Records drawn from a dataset

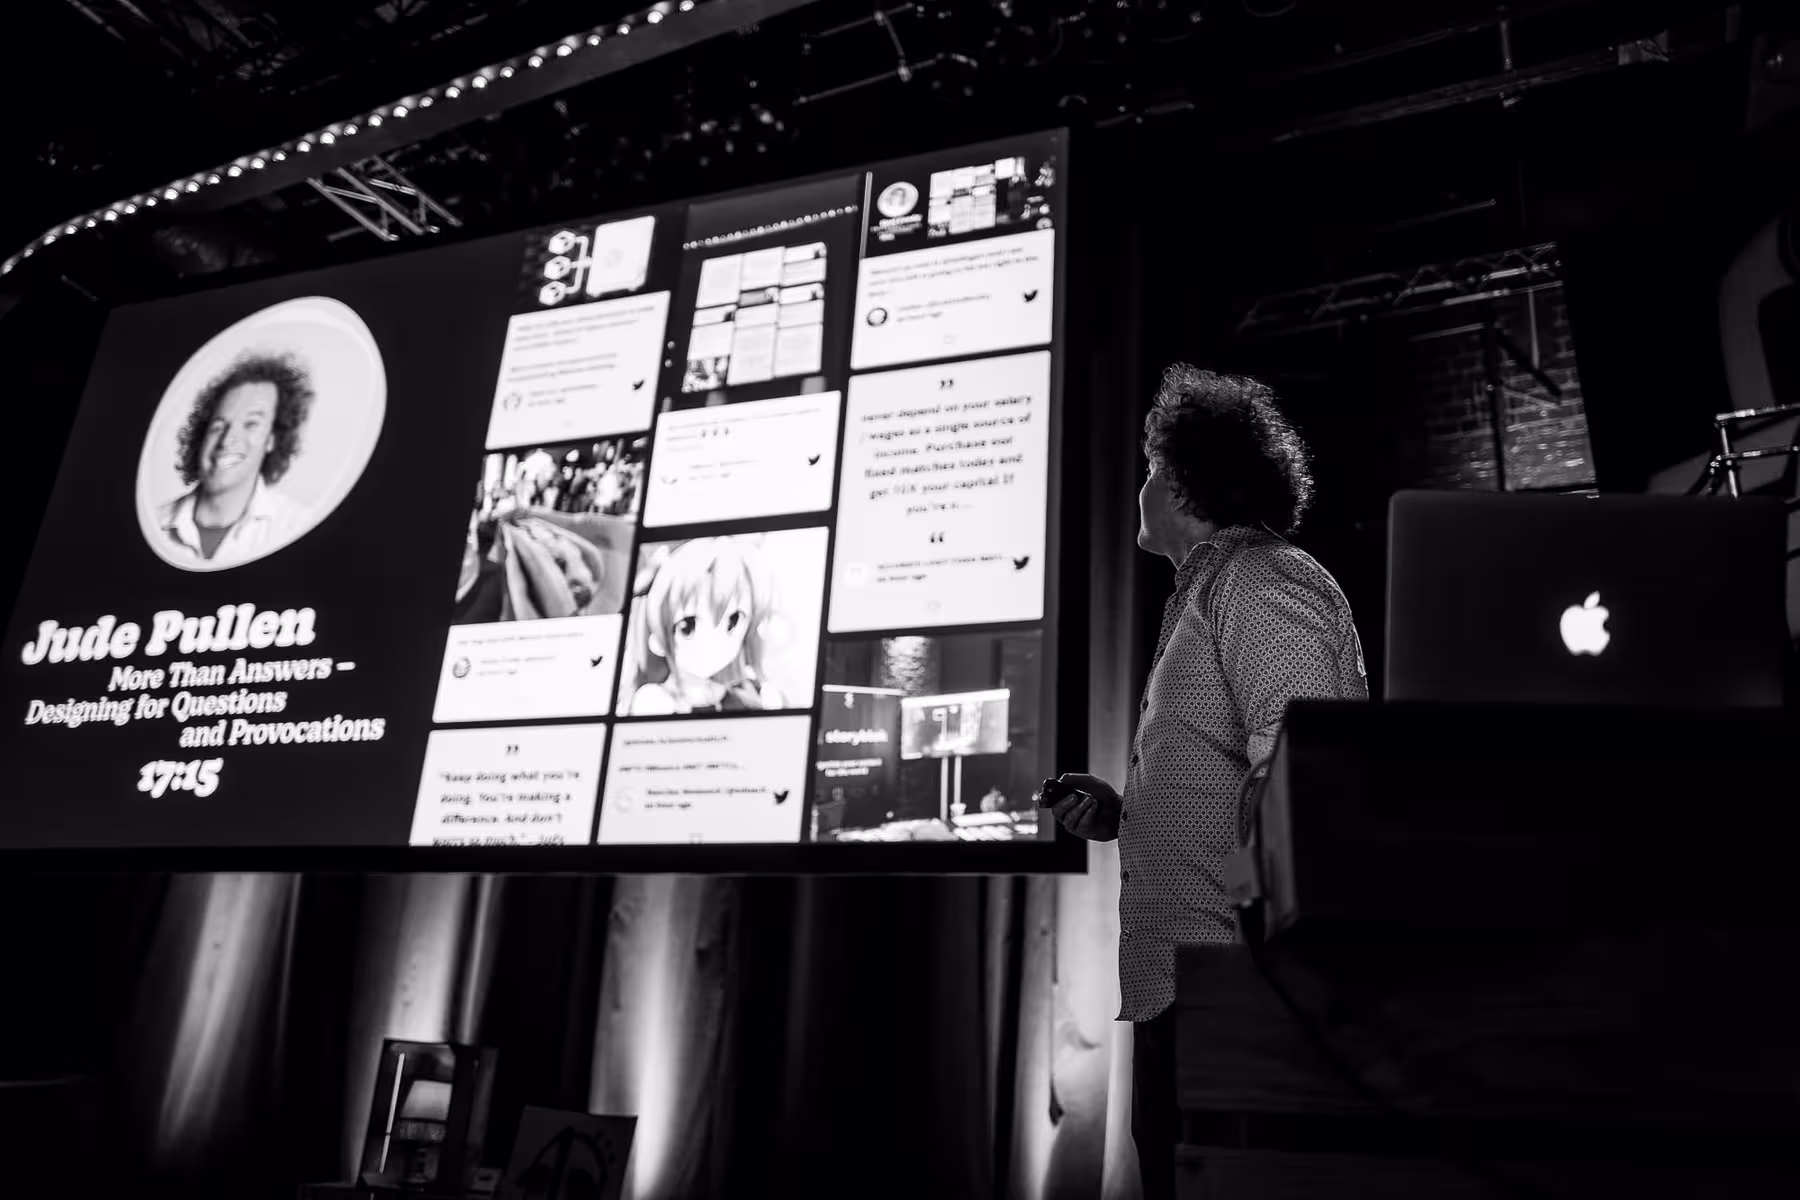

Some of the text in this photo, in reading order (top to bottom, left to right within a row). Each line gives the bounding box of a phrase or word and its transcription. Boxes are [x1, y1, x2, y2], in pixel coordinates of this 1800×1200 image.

[963, 400, 990, 413] your
[21, 602, 317, 665] Jude Pullen
[107, 665, 166, 692] More
[168, 661, 227, 688] Than
[227, 657, 334, 685] Answers
[24, 688, 289, 728] Designing for Questions
[179, 714, 387, 748] and Provocations
[136, 757, 225, 799] 17:15
[475, 771, 507, 784] doing
[518, 791, 561, 804] making
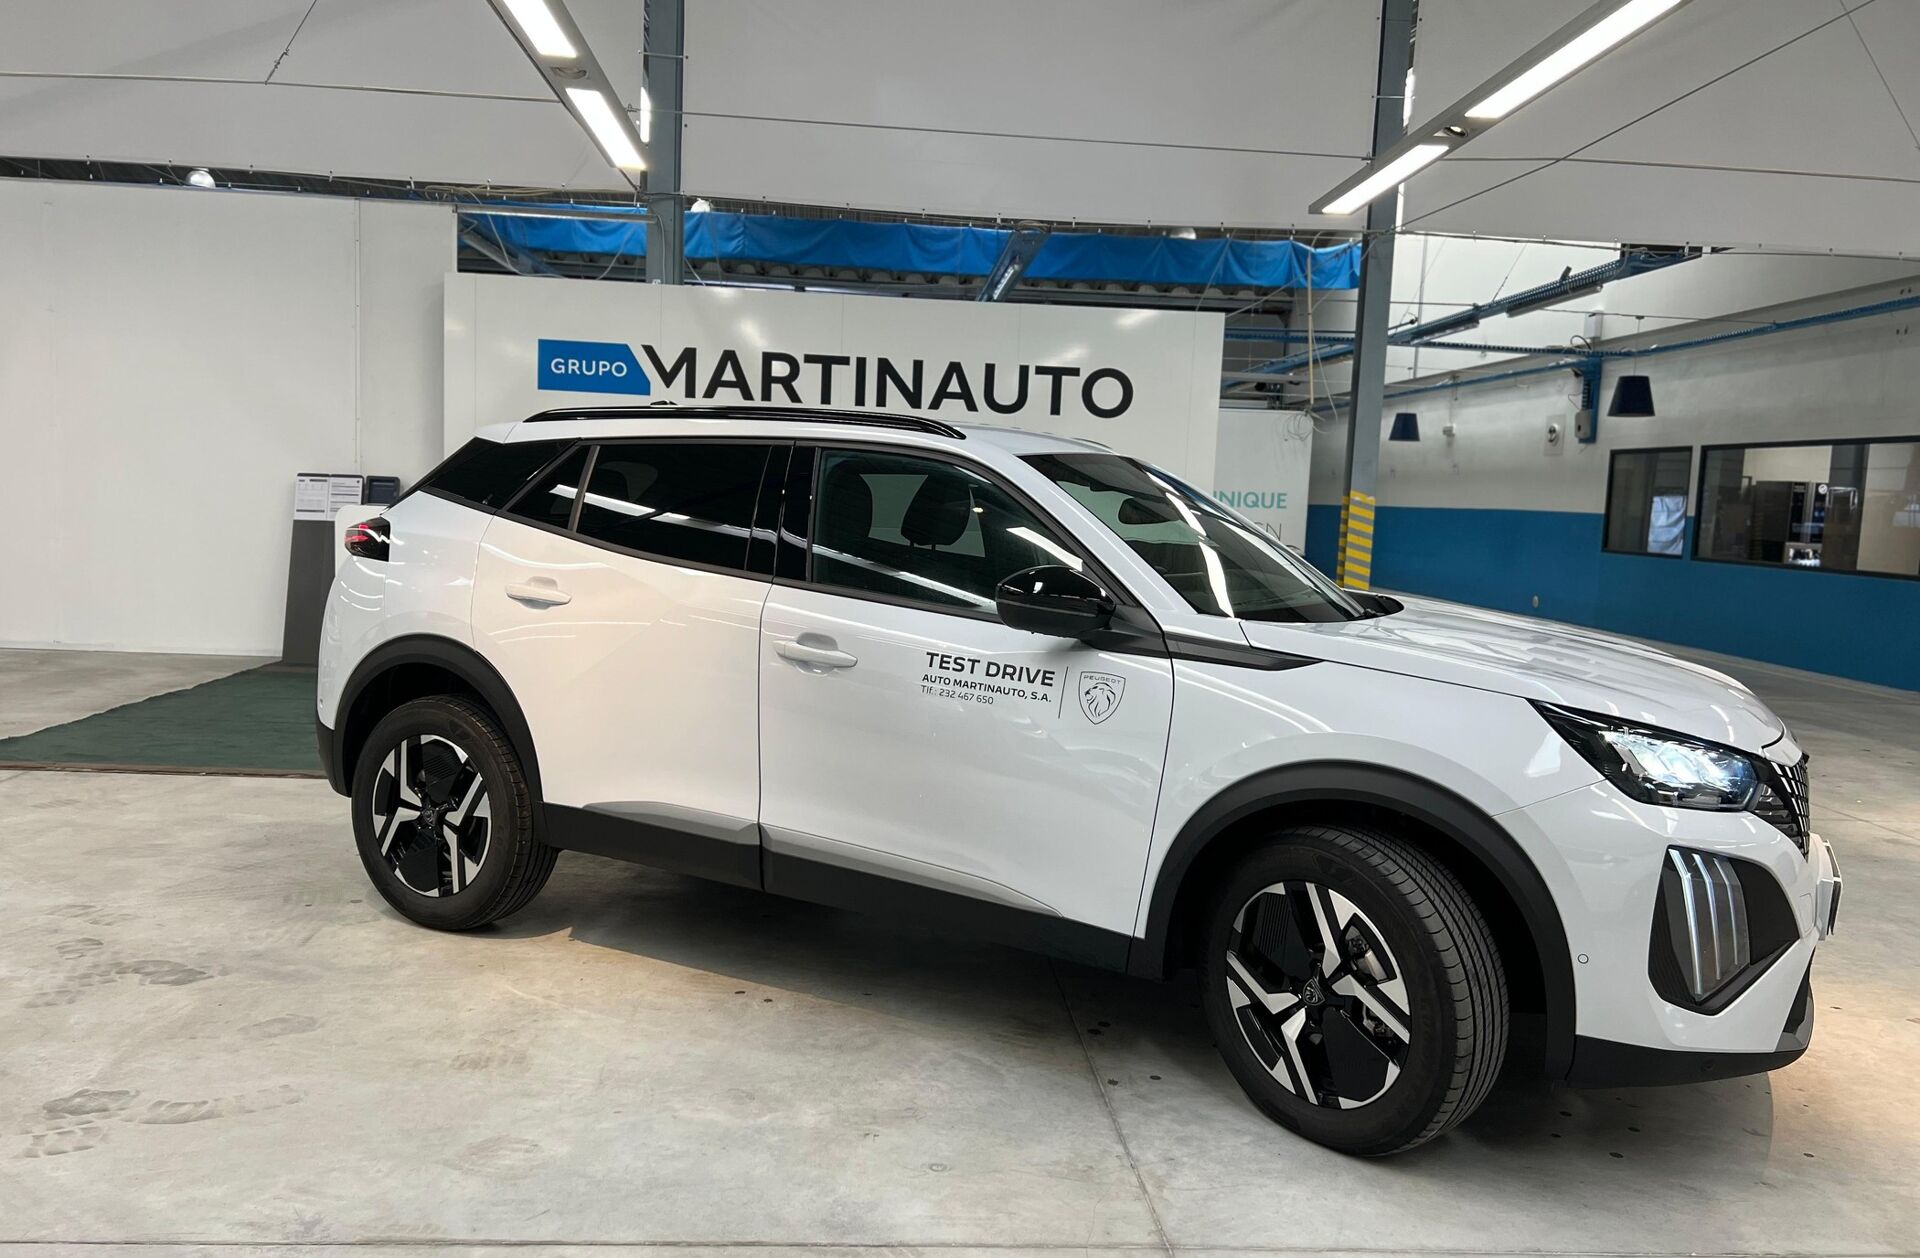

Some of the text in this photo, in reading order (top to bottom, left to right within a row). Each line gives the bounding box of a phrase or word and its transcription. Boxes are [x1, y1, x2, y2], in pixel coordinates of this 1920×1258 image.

[550, 344, 1135, 419] GRUPO MARTINAUTO
[926, 651, 1056, 687] TEST DRIVE
[1083, 674, 1121, 685] PEUGEOT
[921, 674, 1052, 703] AUTO MARTINAUTO, S.A.
[939, 688, 956, 699] 232
[957, 692, 975, 702] 467
[976, 694, 994, 705] 650
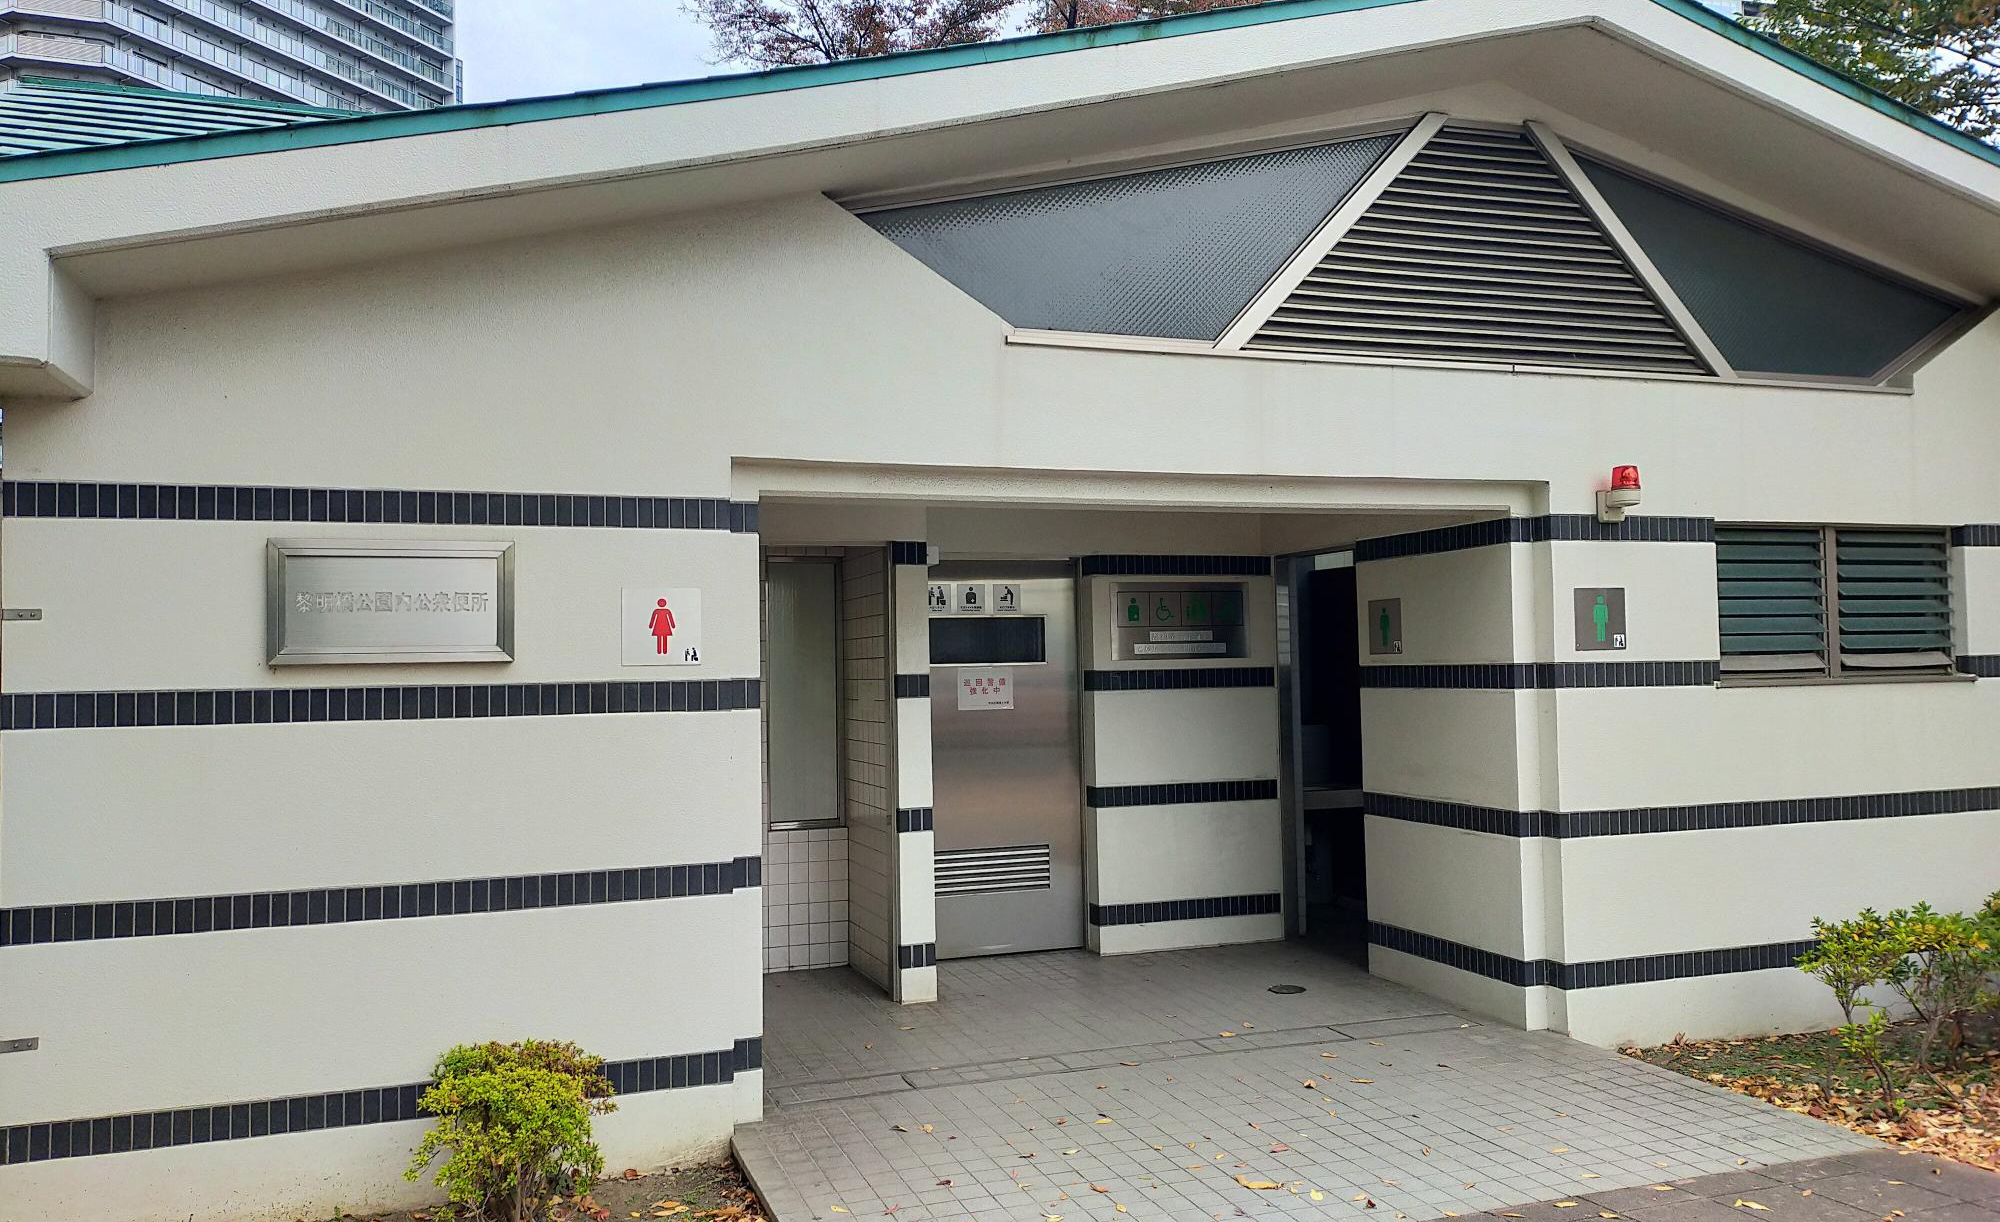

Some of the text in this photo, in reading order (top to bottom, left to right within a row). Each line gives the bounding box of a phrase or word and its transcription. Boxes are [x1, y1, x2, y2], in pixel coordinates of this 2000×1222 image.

[295, 590, 489, 614] 黎明橋公園内公衆便所
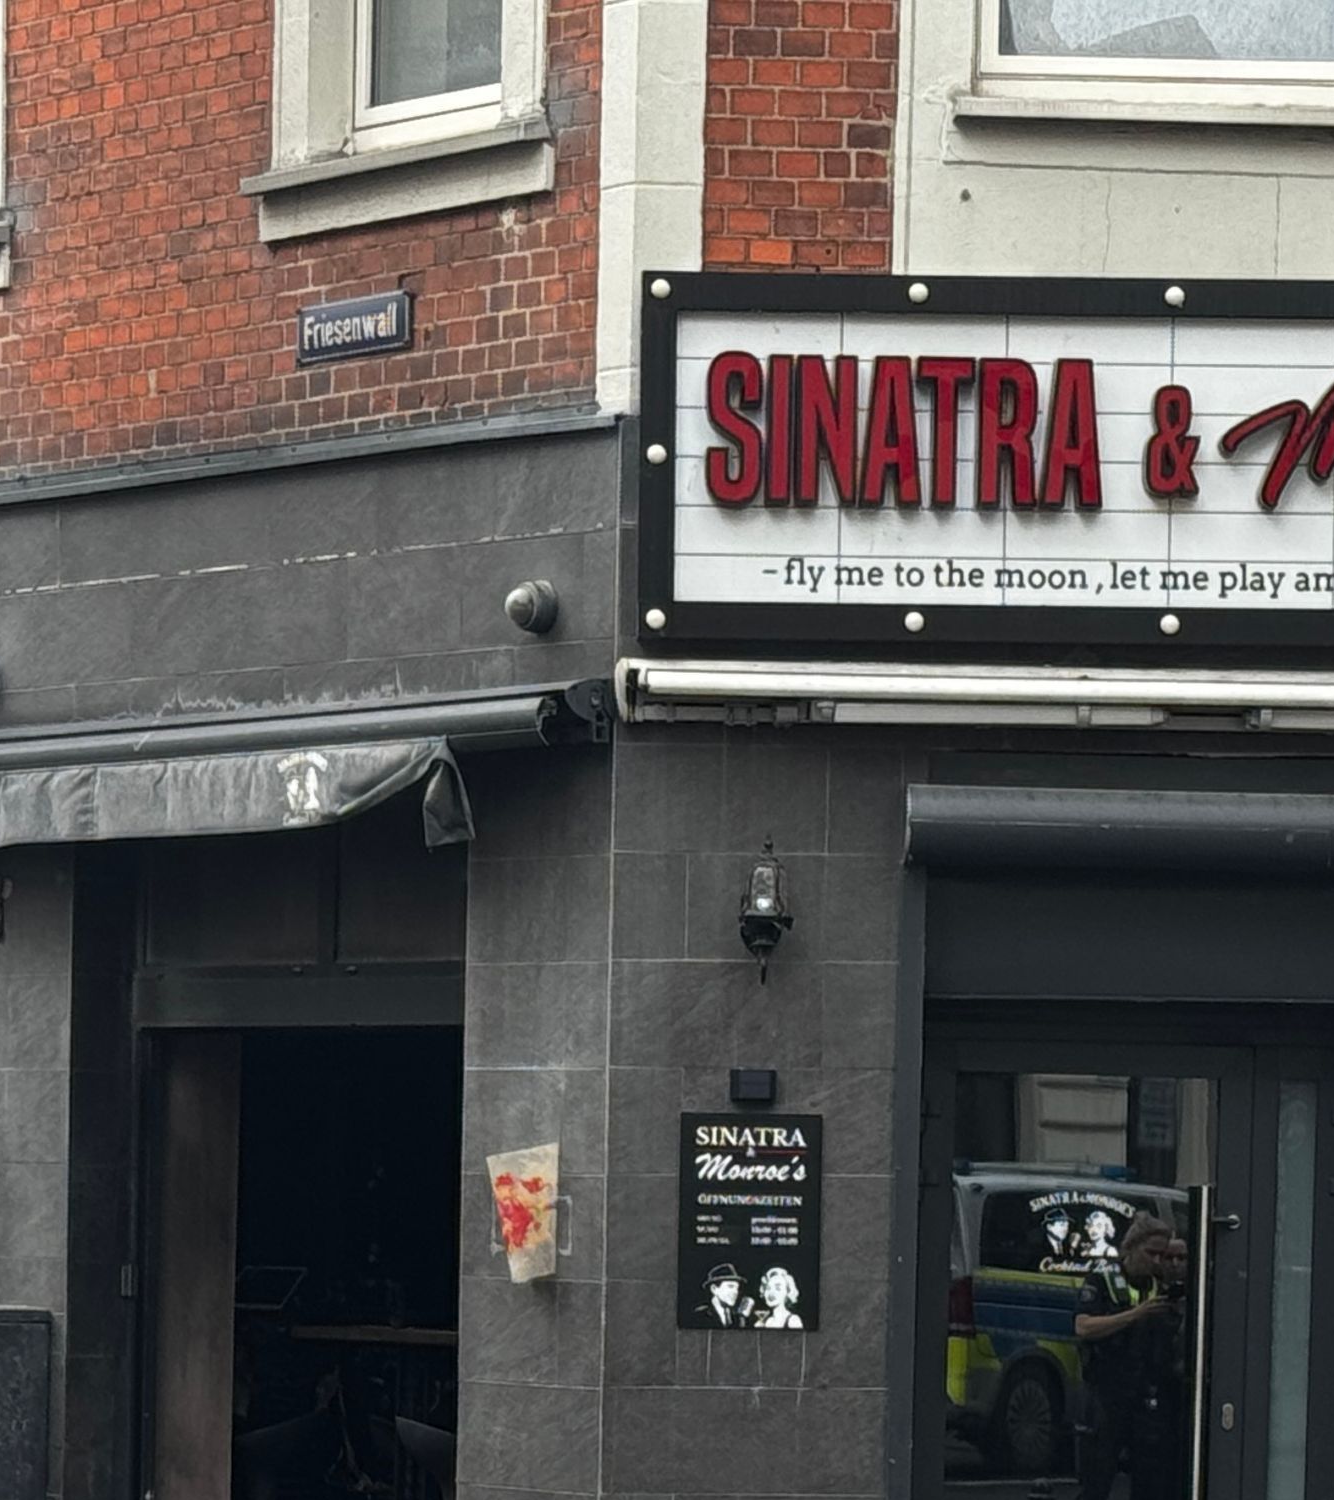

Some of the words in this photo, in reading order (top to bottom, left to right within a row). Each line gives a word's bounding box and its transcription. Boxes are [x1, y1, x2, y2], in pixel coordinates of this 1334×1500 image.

[303, 301, 398, 351] Friesenwall
[705, 350, 1102, 510] SINATRA
[1144, 385, 1199, 501] &
[834, 565, 884, 587] me
[895, 564, 925, 588] to
[934, 560, 985, 588] the
[1160, 570, 1210, 591] me
[1218, 563, 1286, 599] play
[695, 1125, 807, 1148] SINATRA

» Work request: Copy out all the records exactly, excluding pictures.

» Response area:
Some of the text in this photo, in reading order (top to bottom, left to right within a row). Each line gives the bounding box of a phrase or word and its transcription. Boxes are [x1, y1, x2, y2], in pixel coordinates of this 1800×1200 image.

[963, 400, 990, 413] your
[21, 602, 317, 665] Jude Pullen
[107, 665, 166, 692] More
[168, 661, 227, 688] Than
[227, 657, 334, 685] Answers
[24, 688, 289, 728] Designing for Questions
[179, 714, 387, 748] and Provocations
[136, 757, 225, 799] 17:15
[475, 771, 507, 784] doing
[518, 791, 561, 804] making

Some of the text in this photo, in reading order (top to bottom, left to right within a row). Each line gives the bounding box of a phrase or word and its transcription. Boxes are [x1, y1, x2, y2], in pixel coordinates of this 1920×1258 image.

[550, 344, 1135, 419] GRUPO MARTINAUTO
[926, 651, 1056, 687] TEST DRIVE
[1083, 674, 1121, 685] PEUGEOT
[921, 674, 1052, 703] AUTO MARTINAUTO, S.A.
[939, 688, 956, 699] 232
[957, 692, 975, 702] 467
[976, 694, 994, 705] 650

Some of the text in this photo, in reading order (top to bottom, left to right within a row). Each line gives the bounding box of a phrase or word and its transcription. Boxes are [x1, y1, x2, y2], in pixel coordinates of this 2000×1222 image.

[295, 590, 489, 614] 黎明橋公園内公衆便所

Some of the words in this photo, in reading order (top to bottom, left to right within a row). Each line gives a word's bounding box and its transcription. Boxes are [x1, y1, x2, y2], in pixel coordinates of this 1334×1500 image.

[303, 301, 398, 351] Friesenwall
[705, 350, 1102, 510] SINATRA
[1144, 385, 1199, 501] &
[834, 565, 884, 587] me
[895, 564, 925, 588] to
[934, 560, 985, 588] the
[1160, 570, 1210, 591] me
[1218, 563, 1286, 599] play
[695, 1125, 807, 1148] SINATRA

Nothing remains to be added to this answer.